# Provided records
☆ ☆ ☆ ☆
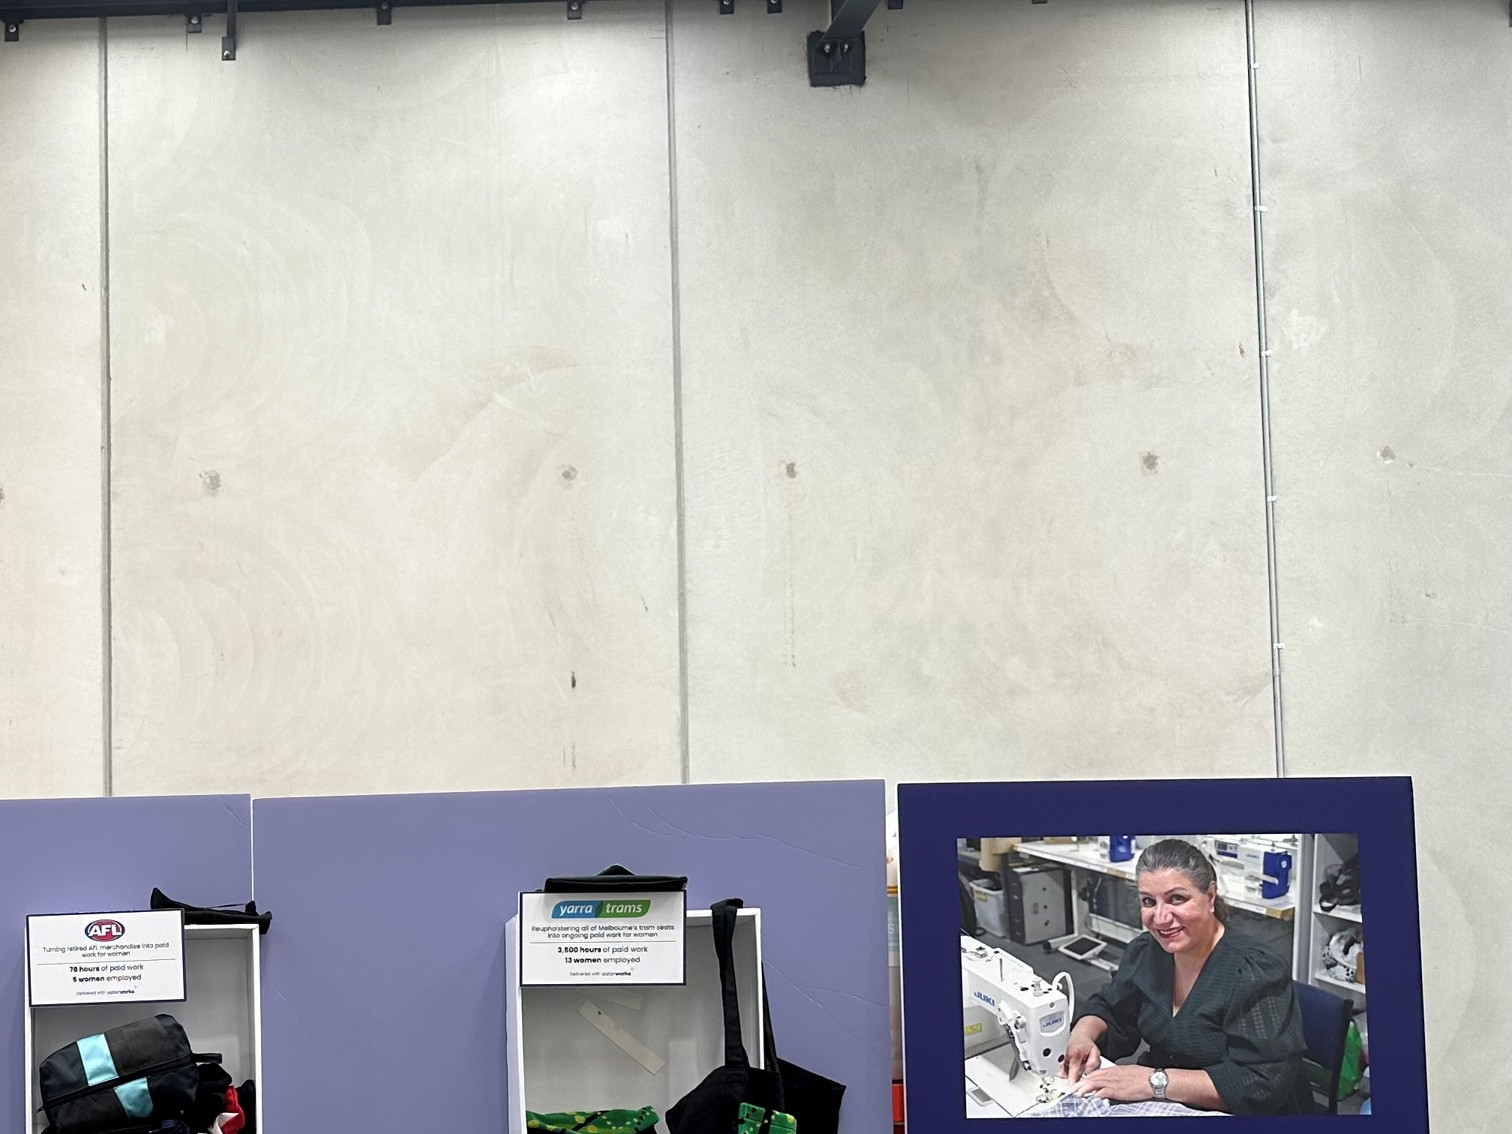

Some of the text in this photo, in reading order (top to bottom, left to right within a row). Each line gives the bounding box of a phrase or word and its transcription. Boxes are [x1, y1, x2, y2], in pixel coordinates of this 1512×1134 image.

[559, 902, 642, 916] yarra trams
[88, 925, 122, 936] AFL
[155, 942, 169, 950] paid
[612, 946, 630, 954] paid
[603, 957, 640, 965] employed
[110, 964, 125, 973] paid
[107, 974, 141, 982] employed
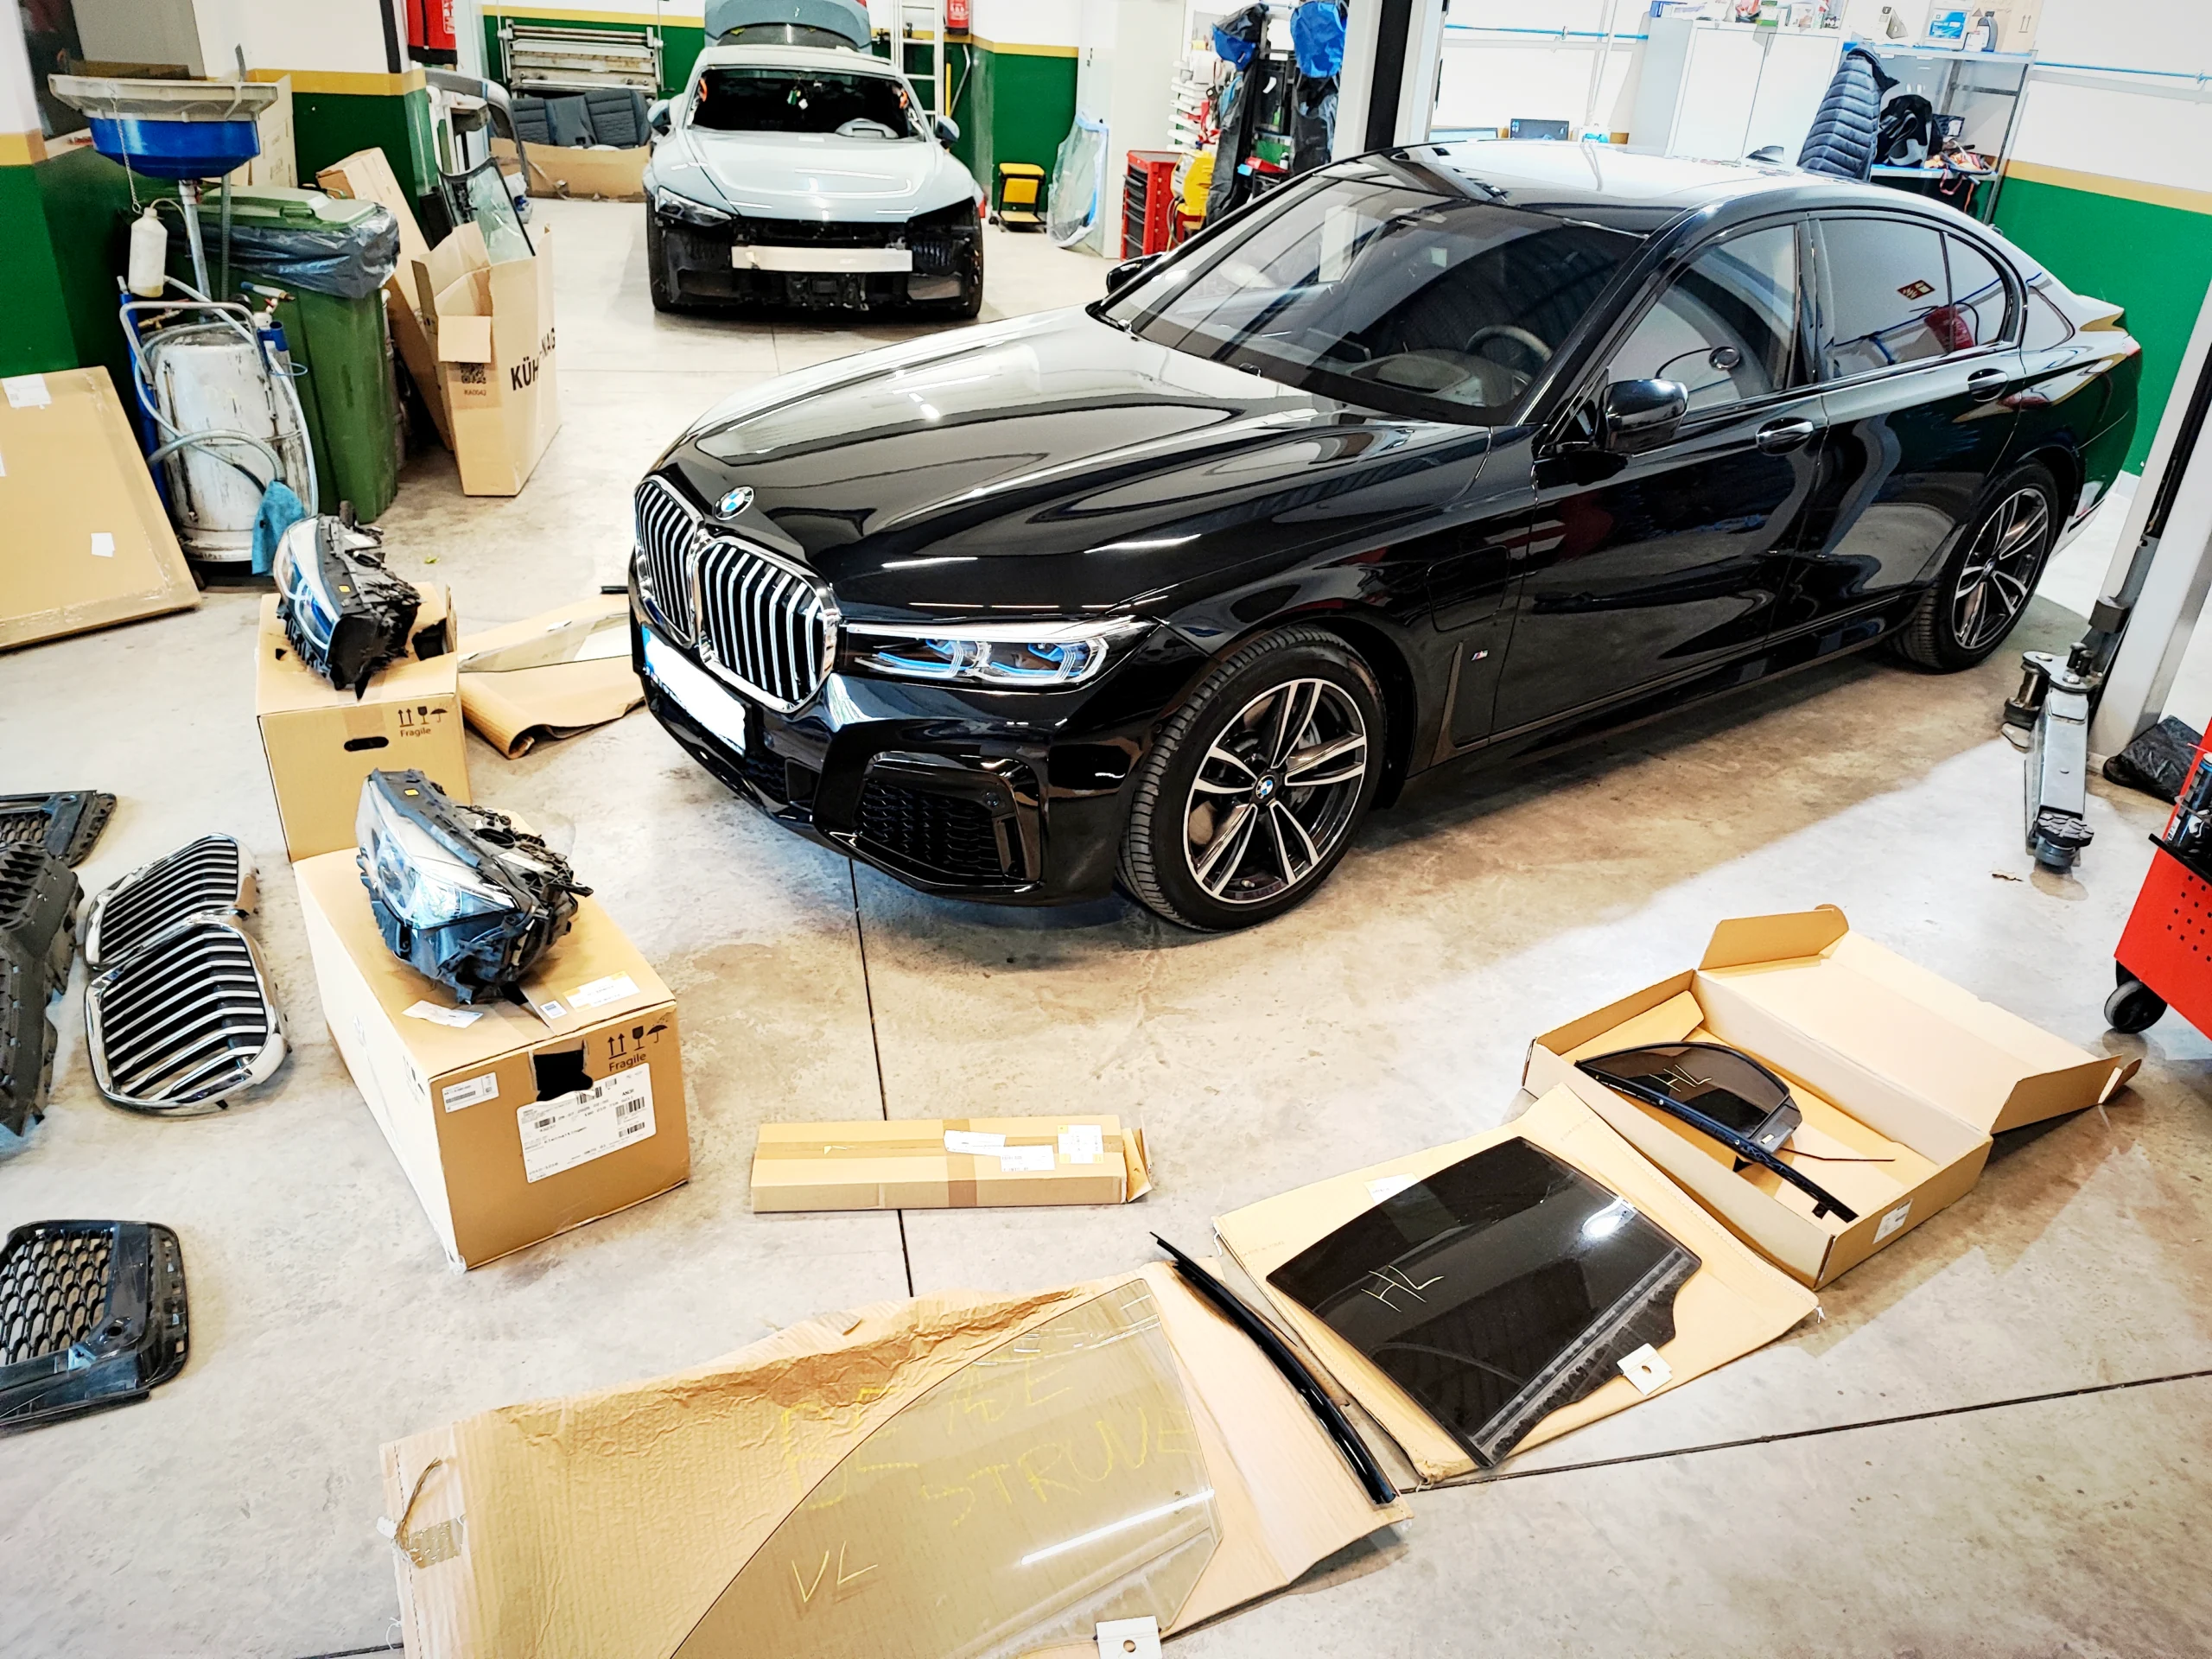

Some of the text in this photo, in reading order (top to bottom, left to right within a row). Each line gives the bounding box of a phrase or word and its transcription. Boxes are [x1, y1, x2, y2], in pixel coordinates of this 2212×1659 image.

[400, 728, 431, 737] Fragile
[608, 1053, 646, 1071] Fragile
[1648, 1064, 1713, 1093] HL
[1360, 1264, 1445, 1313] HL
[791, 1541, 879, 1603] VL
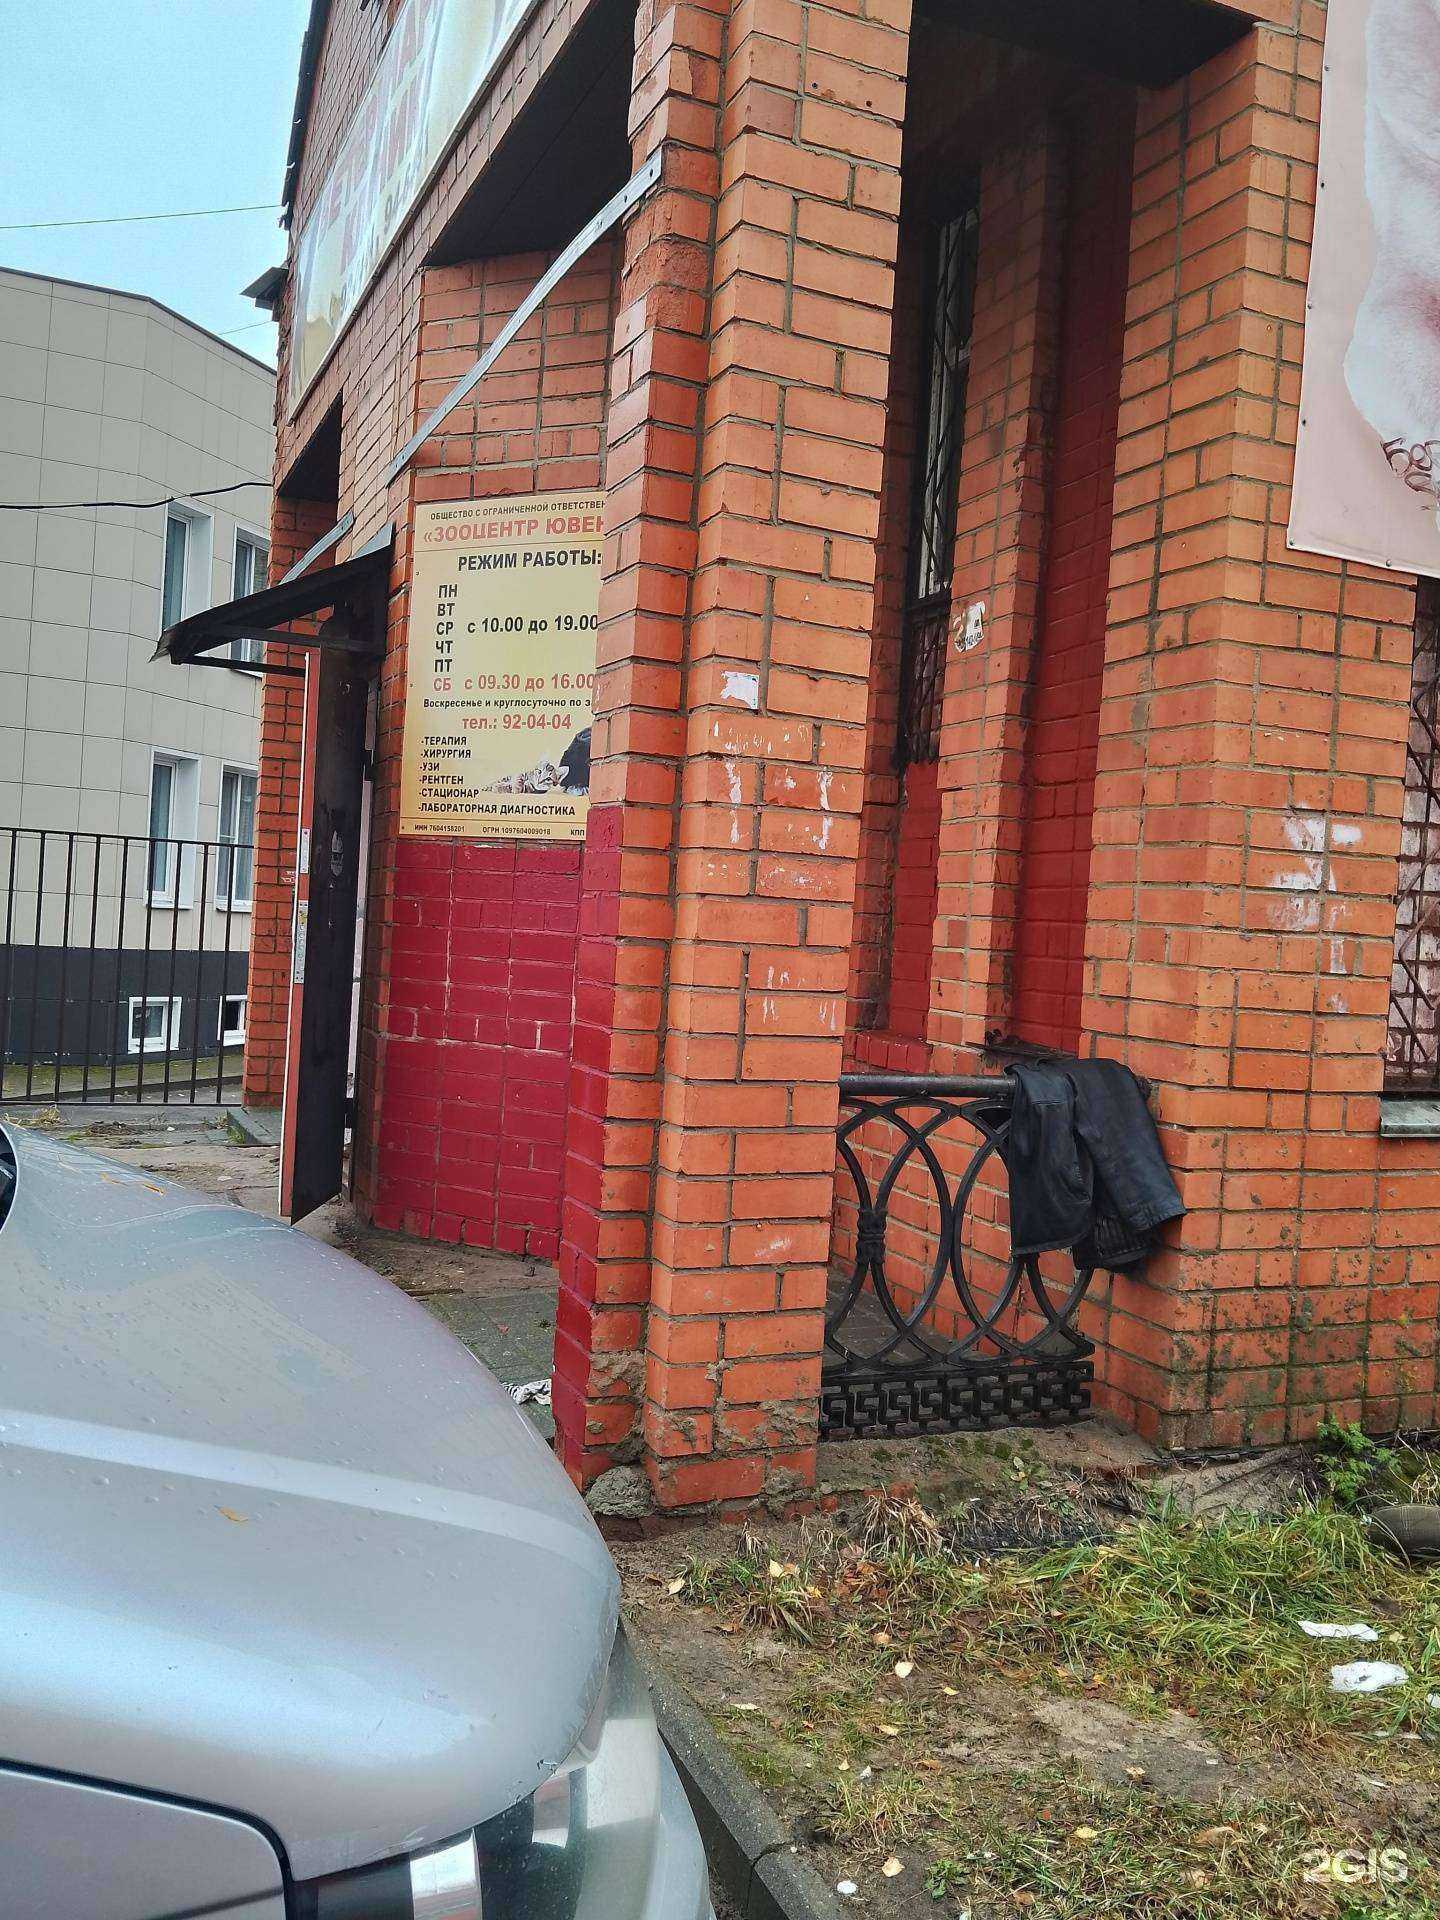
☆ ☆ ☆ ☆
# What is expected
Each entry above is to be written out exactly. The pictures stay out.

# Exercise answer
Some of the text in this photo, in reading order (top to bottom, left to right within a row). Each line gives the bounding box of a phrase or word and its transcription. Boxes are [x1, y1, x2, y2], in pixel coordinates of this 1512×1134 image.

[559, 902, 642, 916] yarra trams
[88, 925, 122, 936] AFL
[155, 942, 169, 950] paid
[612, 946, 630, 954] paid
[603, 957, 640, 965] employed
[110, 964, 125, 973] paid
[107, 974, 141, 982] employed

Some of the text in this photo, in reading order (top to bottom, left to right within a row). Each line gives the bounding box of a phrase or word and its transcription. Boxes are [x1, y1, x2, y2], in pixel coordinates of this 2212×1659 image.

[400, 728, 431, 737] Fragile
[608, 1053, 646, 1071] Fragile
[1648, 1064, 1713, 1093] HL
[1360, 1264, 1445, 1313] HL
[791, 1541, 879, 1603] VL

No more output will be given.